By |2008-05-22T09:00:00-04:00May 22nd, 2008|News|

By Lisa Keen

Keen News Service

The California Supreme Court ruled last Thursday that state laws prohibiting the recognition of same-sex marriages violate state constitutional rights of gay people.
The 4-3 opinion, joined by three Republicans and one Democratic appointee, declared that the “fundamental nature of the substantive rights embodied in the right to marry – and their central importance to an individual’s opportunity to live a happy, meaningful, and satisfying life as a full member of society” requires the California constitution “be interpreted to guarantee this basic civil right to all individuals and couples, without regard to their sexual orientation.”
The legal issue before the court was whether state laws banning the legal recognition of same-sex marriages in California violate the state constitution’s guarantees of equal protection, freedom of expression, right to privacy, or the fundamental right to marry. The laws banned both the licensing of same-sex marriage in California and the recognition of same-sex marriages licensed elsewere.
“It is true, of course, that as a historical matter in this state marriage always has been limited to a union between a man and a woman,” wrote Chief Justice Ronald George, an appointee of former Republican George Deukmejian. “Tradition alone, however, generally has not been viewed as a sufficient justification for perpetuating, without examination, the restriction or denial of a fundamental constitutional right. ” George citied the landmark 1948 decision by the California Supreme Court that struck down laws banning interracial marriage. That decision, Perez v. Sharp, eventually led to the U.S. Supreme Court’s decision in Loving v. Virginia, which struck down anti-miscegenation laws nationally in 1967.
“I could not be happier,” said Evan Wolfson, one of the preeminent gay activist attorneys in the fight for equal marriage rights and head of the national Freedom to Marry group. “This is the turning point. This is the absolute statement by the nation’s most respected state supreme court, and a chief justice who is universally considered to be fair and cautious, affirming that the exclusion of same-sex couples from marriage is wrong and must fall.”

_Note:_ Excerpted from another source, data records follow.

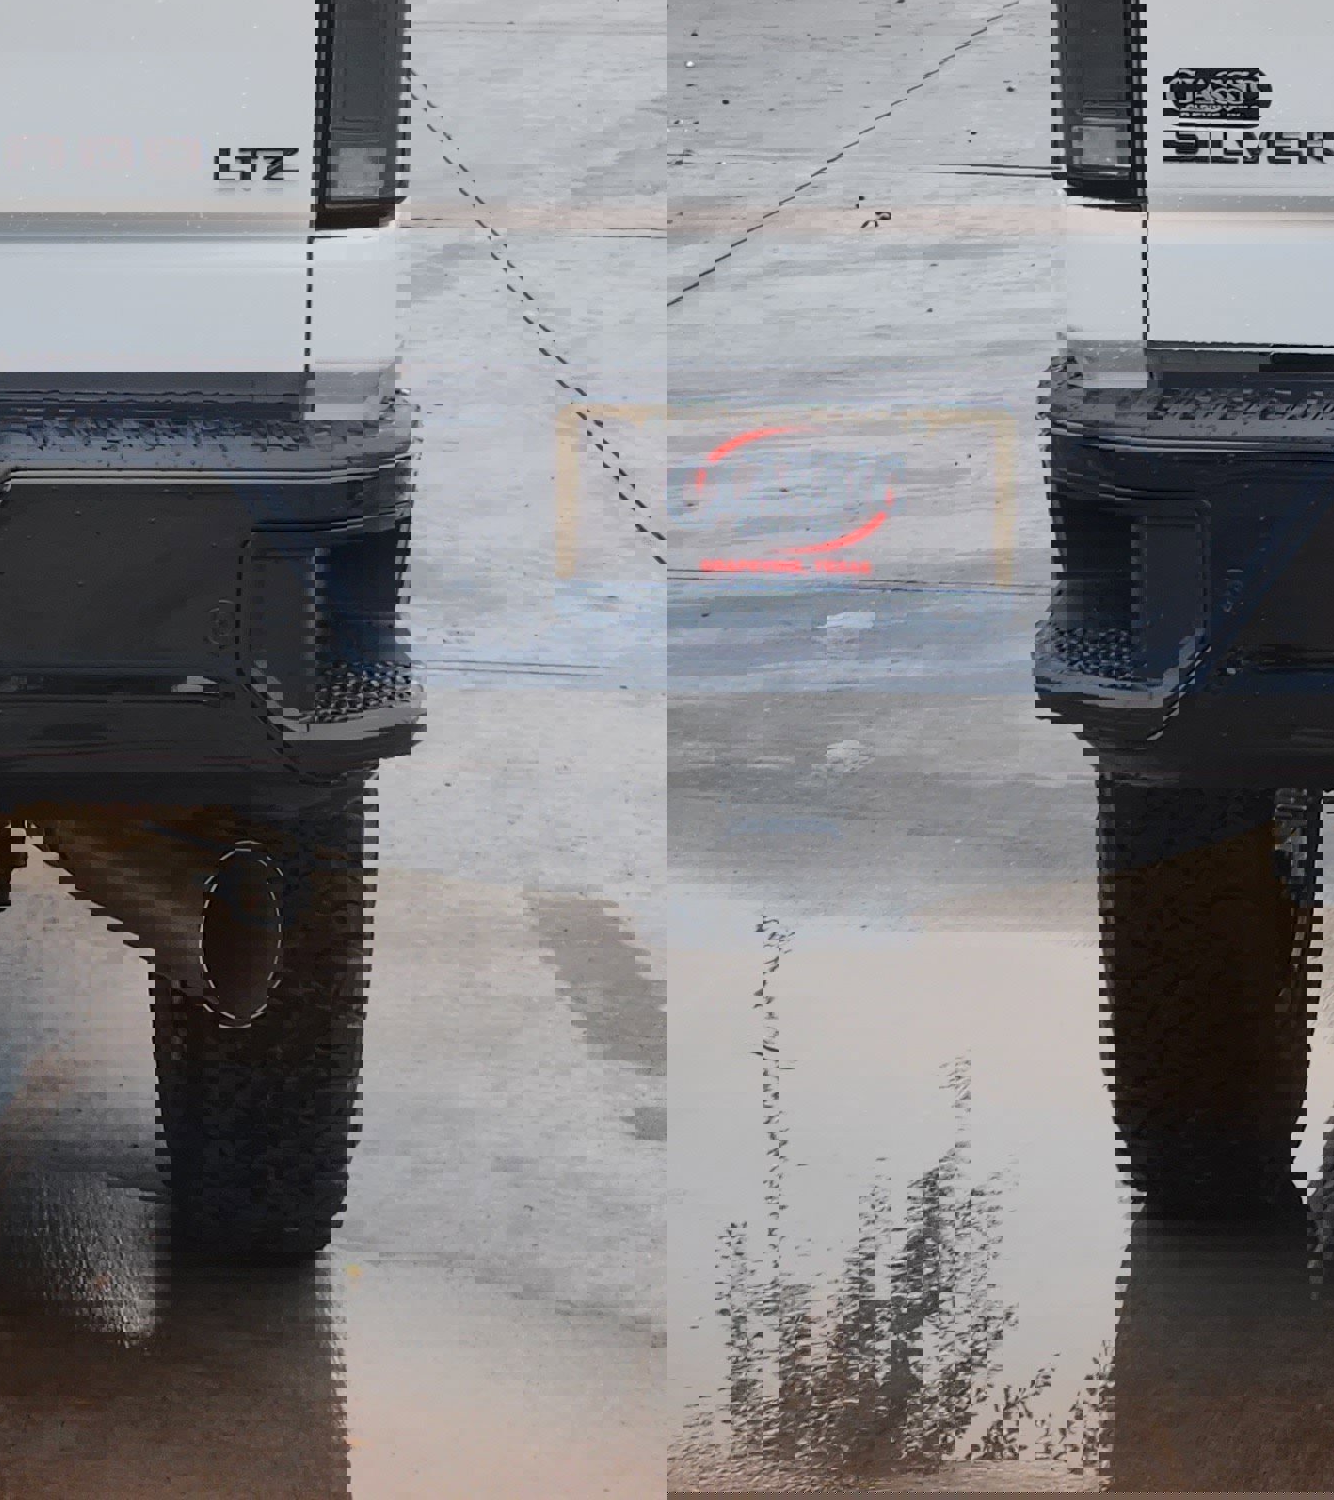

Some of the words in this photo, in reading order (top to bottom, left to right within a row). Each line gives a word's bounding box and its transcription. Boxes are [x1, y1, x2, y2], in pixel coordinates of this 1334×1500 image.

[674, 407, 817, 424] GRAPEVINE,
[825, 409, 902, 425] TEXAS
[665, 457, 907, 529] CLASSIC
[735, 514, 843, 539] Chevrolet
[699, 559, 809, 575] GRAPEVINE,
[813, 560, 872, 574] TEXAS
[663, 600, 761, 621] CLASSIC
[768, 602, 906, 624] CHEVROLET

Similar reactions of joy and euphoria were expressed by plaintiffs and attorneys who worked on the case during a press conference shortly after the decision was released.
“This is a moment of pure happiness and joy,” said Shannon Minter, the lead attorney who argued the case and legal director for the National Center for Lesbian Rights.

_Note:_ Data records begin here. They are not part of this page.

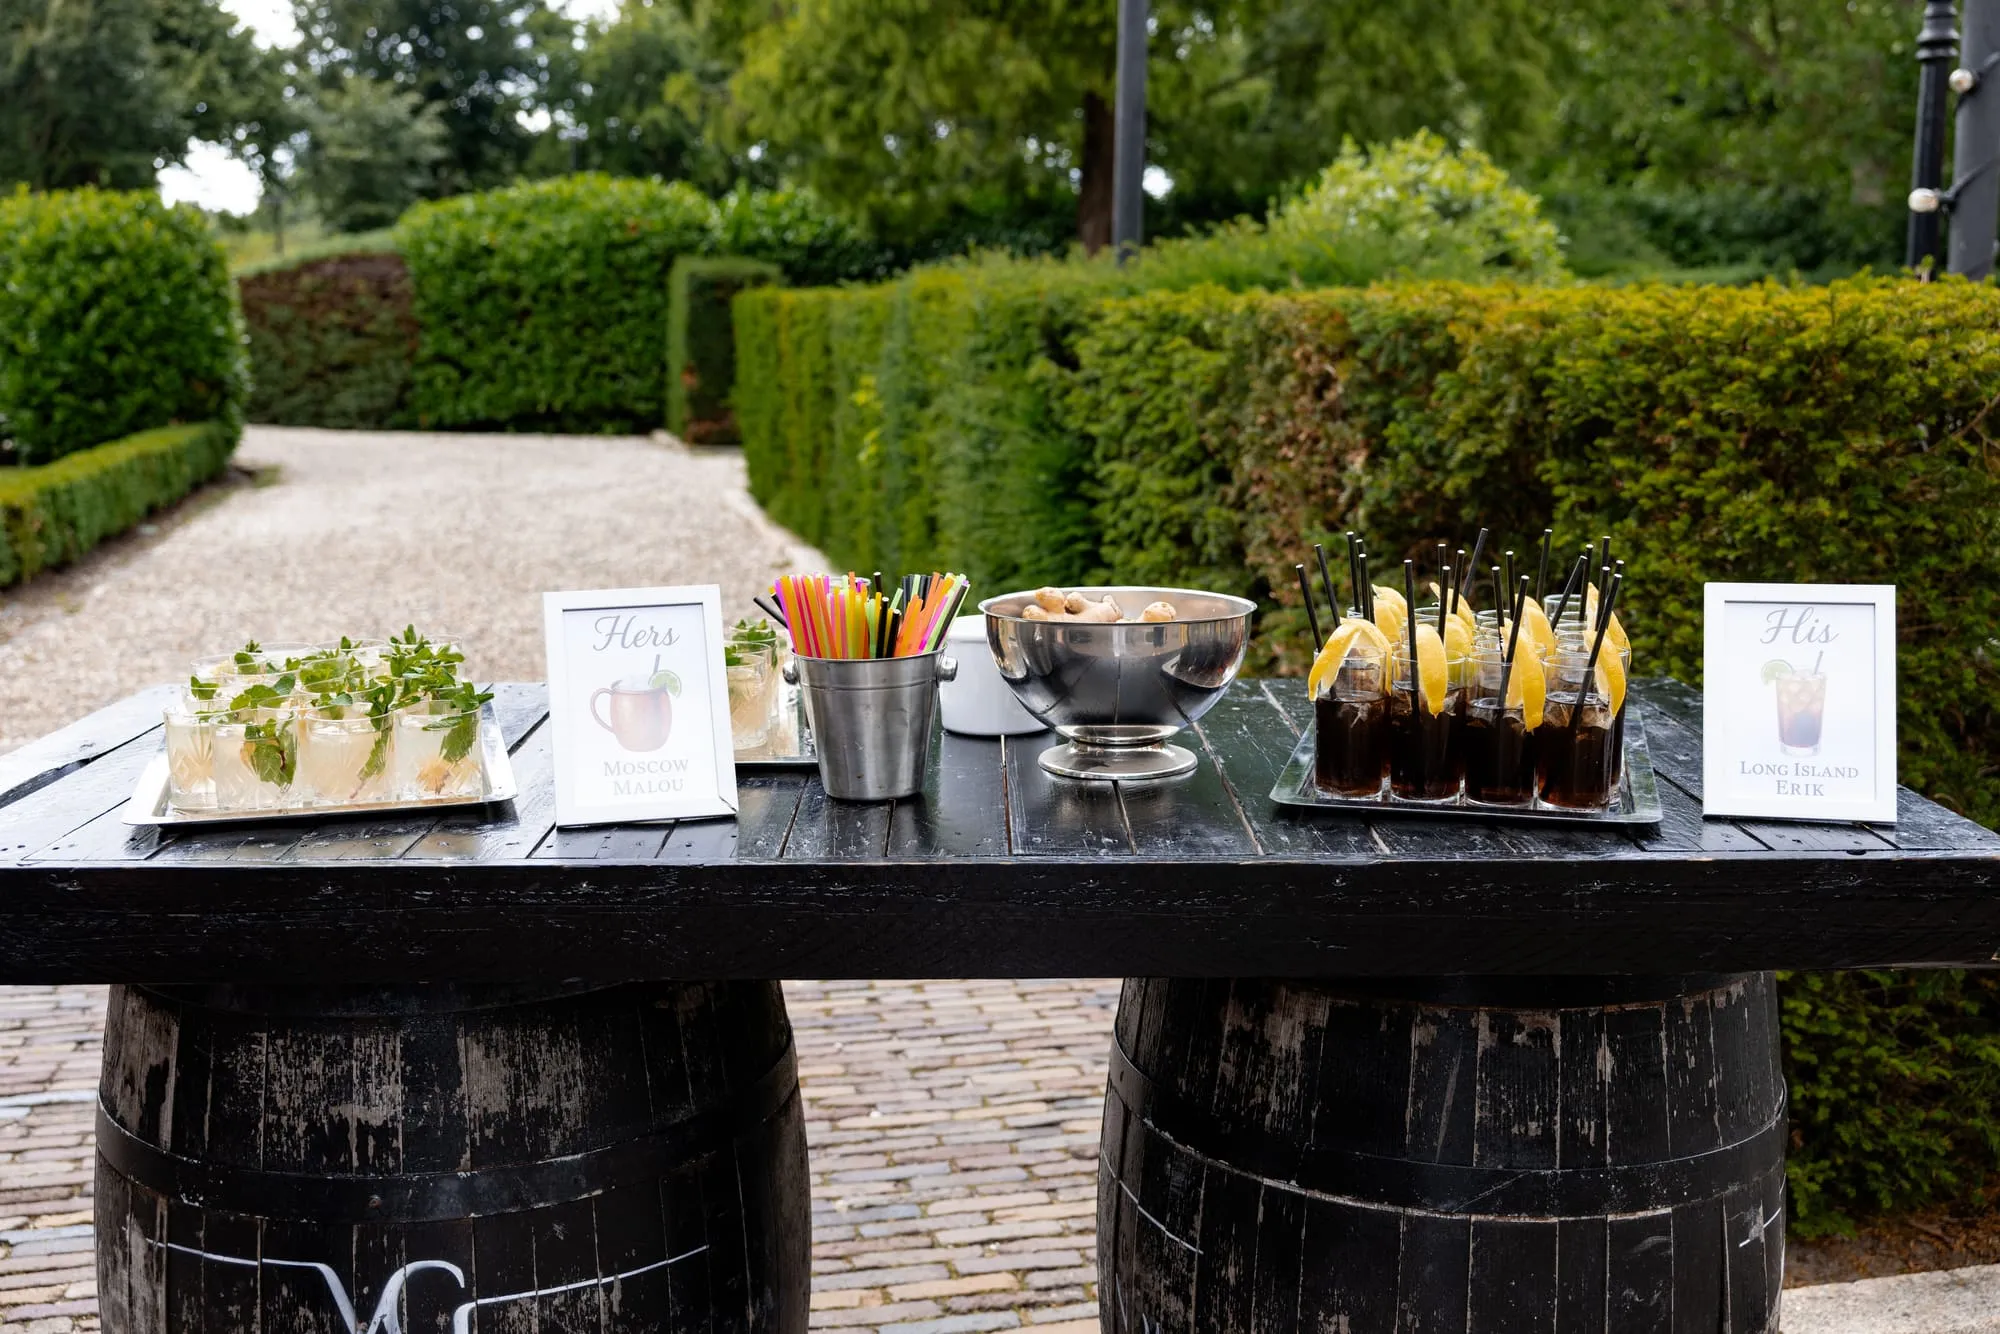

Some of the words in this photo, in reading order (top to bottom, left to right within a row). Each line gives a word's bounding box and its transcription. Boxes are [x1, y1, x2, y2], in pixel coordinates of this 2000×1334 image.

[593, 614, 681, 651] Hers
[1760, 606, 1840, 644] His
[603, 759, 689, 777] MOSCOW
[1740, 761, 1789, 776] LONG
[1794, 762, 1859, 779] ISLAND
[613, 778, 684, 796] MALOU
[1776, 779, 1825, 797] ERIK

“It’s a watershed moment,” said Maya Harris, executive director of the ACLU-California. Harris said the decision would take its “rightful historic place” and “inspire other rulings that will knock down barriers to the fundamental right to marry.”
California becomes the second state – and the largest in the nation – to enable same-sex couples to obtain marriage licenses. Minter said that marriages can begin to be licensed after the ruling takes effect in about 30 days.
California’s Republican governor, Arnold Schwarzenegger, who has twice vetoed legislation to approve of same-sex marriage, said he will support the Supreme Court’s decision and will not support the anti-gay marriage initiative that is likely to appear on the November ballot.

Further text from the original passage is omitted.